Recently I ran across an Australian newspaper article that featured a poll about energy and saving money. The poll, conducted by Galaxy research Galaxy Research, considered a “savings service” called Make It Cheaper savings service. One factoid really caught my eye. It wasn’t the same old results I’d expected to see. It wasn’t just the usual “set the thermostat higher in the summer and lower in the winter.”  No sirree Bob; not at all.

Instead it says that some adults are purposely gaining weight in order to keep warm and save money on heating bills during the winter months. (Remember, Australia is entering the winter season right now, while North America is readying for the summer season.) The poll stated that one in 50 Aussies, or 300,000 people, are doing this.

I’ll bet that’s not something you’re likely to see the energy-efficiency experts start to advocate.

Now, I’m not sure how much gas, electricity, or other forms of energy cost in Australia, but one has to wonder how much those energy sources really cost, that people would choose to gain weight rather than pay a little more for heat.

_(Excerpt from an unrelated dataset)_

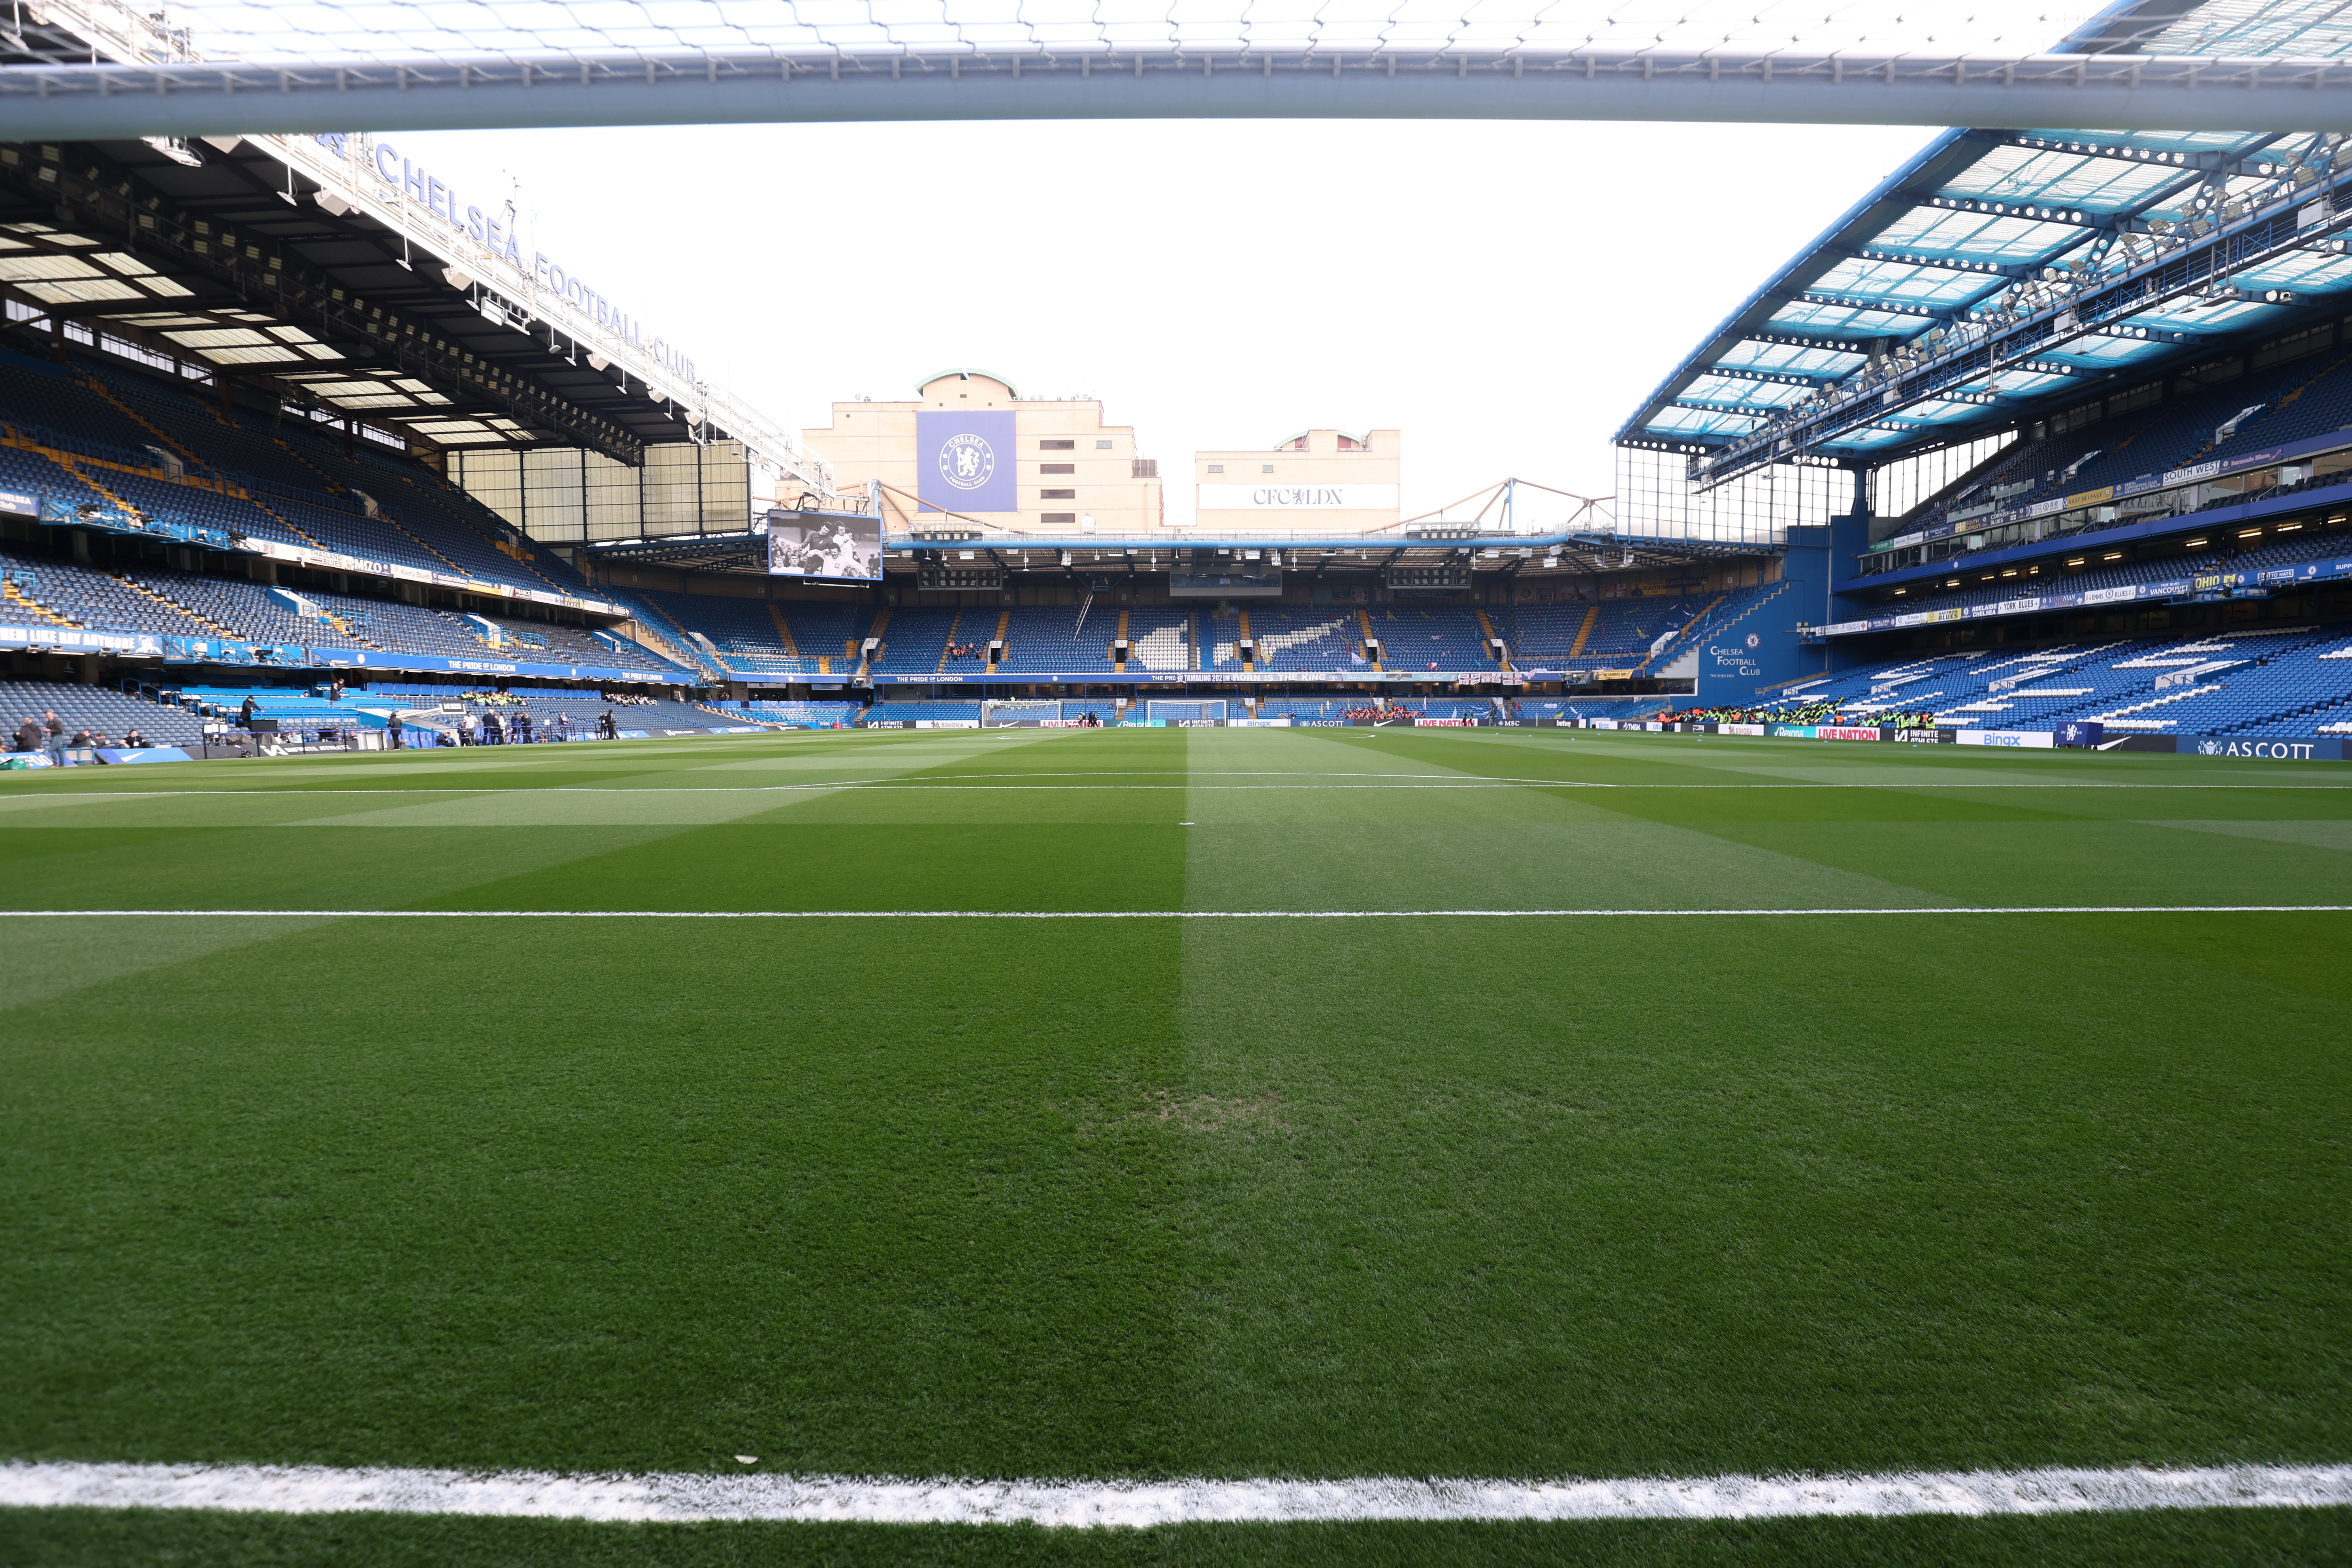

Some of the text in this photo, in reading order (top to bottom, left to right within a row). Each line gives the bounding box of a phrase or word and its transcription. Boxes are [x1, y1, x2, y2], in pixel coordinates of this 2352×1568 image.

Or, perhaps, the countrymen could put on a few extra layers of clothes.

If Australia was one of my siblings, my parents would have told the whole continent to put on a sweater. It shouldn’t be that difficult for them, after all. Australia is known for having an abundance of sheep, thus wool, so it certainly is not at a loss for material.

Another result from the research said that men waste power by leaving lights and TVs on in rooms where nobody is, as well as heating and cooling rooms unnecessarily at twice the rate that women do.

And children do not entirely get off the hook in the poll either. It said that kids under the age of 12, with all their gadgets, wasted the most electricity in families.

I don’t know if Americans are gaining weight to keep warm, but ways of wasting energy sound all too familiar, and are something we all should keep working on.

One easy way for people to not waste energy is to use a programmable thermostat by actually programming it around specific heating and cooling uses, or getting one of those new thermostats that figure out what your household’s schedule is and decide when the appropriate time to start to turn up the heat or turn down the a/c.

Maintaining energy use is a lot easier than some people may think, and, to me, the solution certainly doesn’t solve itself with a larger dinner helping.